Championship ekiden season is on the way, and this weekend two of the main events will hold their official qualification races.

Saturday in Tokyo's western suburb of Tachikawa is the Hakone Ekiden Yosenkai half marathon, a chance for collegiate men to be on the starting line of the world's #1 race this coming January. 10 universities are already qualified for the Hakone Ekiden by having finished in the top 10 at this year's race, and at the Yosenkai another 10 will join them. 41 universities from the greater Tokyo area will run from 10 to 12 men each and are scored on the total time of their first 10 finishers. The fastest 10 teams go on to Hakone, pure and simple. Top individuals from teams that don't qualify will also be named to a select team, as long as they're Japanese citizens, to fill out Hakone's field of 21. NTV will broadcast the race and its tense qualifier announcement ceremony live starting at 9:25 a.m. Saturday local time, with official streaming on TVer for those in-country.

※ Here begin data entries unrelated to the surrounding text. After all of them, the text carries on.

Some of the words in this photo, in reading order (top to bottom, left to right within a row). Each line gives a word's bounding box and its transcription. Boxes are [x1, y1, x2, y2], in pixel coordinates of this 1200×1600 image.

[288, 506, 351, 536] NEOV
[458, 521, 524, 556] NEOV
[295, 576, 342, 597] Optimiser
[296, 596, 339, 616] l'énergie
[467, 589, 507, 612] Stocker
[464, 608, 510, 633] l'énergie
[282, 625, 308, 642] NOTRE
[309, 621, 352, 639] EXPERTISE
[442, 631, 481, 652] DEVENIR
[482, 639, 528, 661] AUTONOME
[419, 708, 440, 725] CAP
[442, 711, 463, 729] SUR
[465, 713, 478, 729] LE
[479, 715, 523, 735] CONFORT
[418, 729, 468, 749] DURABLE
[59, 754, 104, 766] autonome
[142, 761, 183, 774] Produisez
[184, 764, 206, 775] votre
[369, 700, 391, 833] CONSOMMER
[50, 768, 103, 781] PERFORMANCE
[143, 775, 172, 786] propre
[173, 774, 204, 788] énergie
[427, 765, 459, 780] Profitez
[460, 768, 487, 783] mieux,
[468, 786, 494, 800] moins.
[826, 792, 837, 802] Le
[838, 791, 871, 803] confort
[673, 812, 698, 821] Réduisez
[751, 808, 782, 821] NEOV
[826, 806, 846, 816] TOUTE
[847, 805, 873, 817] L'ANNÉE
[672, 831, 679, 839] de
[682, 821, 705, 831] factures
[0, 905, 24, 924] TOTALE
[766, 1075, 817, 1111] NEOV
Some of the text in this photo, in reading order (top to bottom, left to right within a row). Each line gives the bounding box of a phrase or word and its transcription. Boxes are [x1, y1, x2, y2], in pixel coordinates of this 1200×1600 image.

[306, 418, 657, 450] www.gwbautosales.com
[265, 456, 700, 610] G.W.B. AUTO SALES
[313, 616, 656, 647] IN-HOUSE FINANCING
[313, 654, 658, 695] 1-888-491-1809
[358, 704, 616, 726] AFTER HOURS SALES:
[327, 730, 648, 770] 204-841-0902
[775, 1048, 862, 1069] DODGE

Meiji University is ranked at the top of the field, a Hakone regular knocked out of the seeded top 10 this year by last year's Yosenkai winner Juntendo University. 2020 Yosenkai runner-up Chuo University is Meiji's toughest competition for the team win, but what really matters is just making the top 10. Kanagawa University, Nittai University, Takushoku University and Josai University look pretty secure to pull that off, but beyond that it gets interesting. Hosei University and Kokushikan University are in the grey zone of Hakone regulars vulnerable to programs trying to get back into elite status like Yamanashi Gakuin University and Senshu University, ones perpetually on the cusp like Tsukuba University and Reitaku University, and up-and-coming programs like Surugadai University and Keio University. Chuo Gakuin University throws an additional variable at the equation, a perpetual Hakone qualifier that somehow blew last year's Yosenkai and didn't make the cut.


Sunday in rural Fukuoka is the Princess Ekiden, the qualifying race for November's corporate women's national championship Queens Ekiden. 31 teams will race 42.195 km in 6 stages in pursuit of a place in the top 20. The ones that make it will join the top 8 from last year's Queens Ekiden at next month's national championship. TBS has the live broadcast starting at 11:50 a.m. Sunday local time, with multi-channel streaming on Youtube. JRN will cover the race live on @JRNLive.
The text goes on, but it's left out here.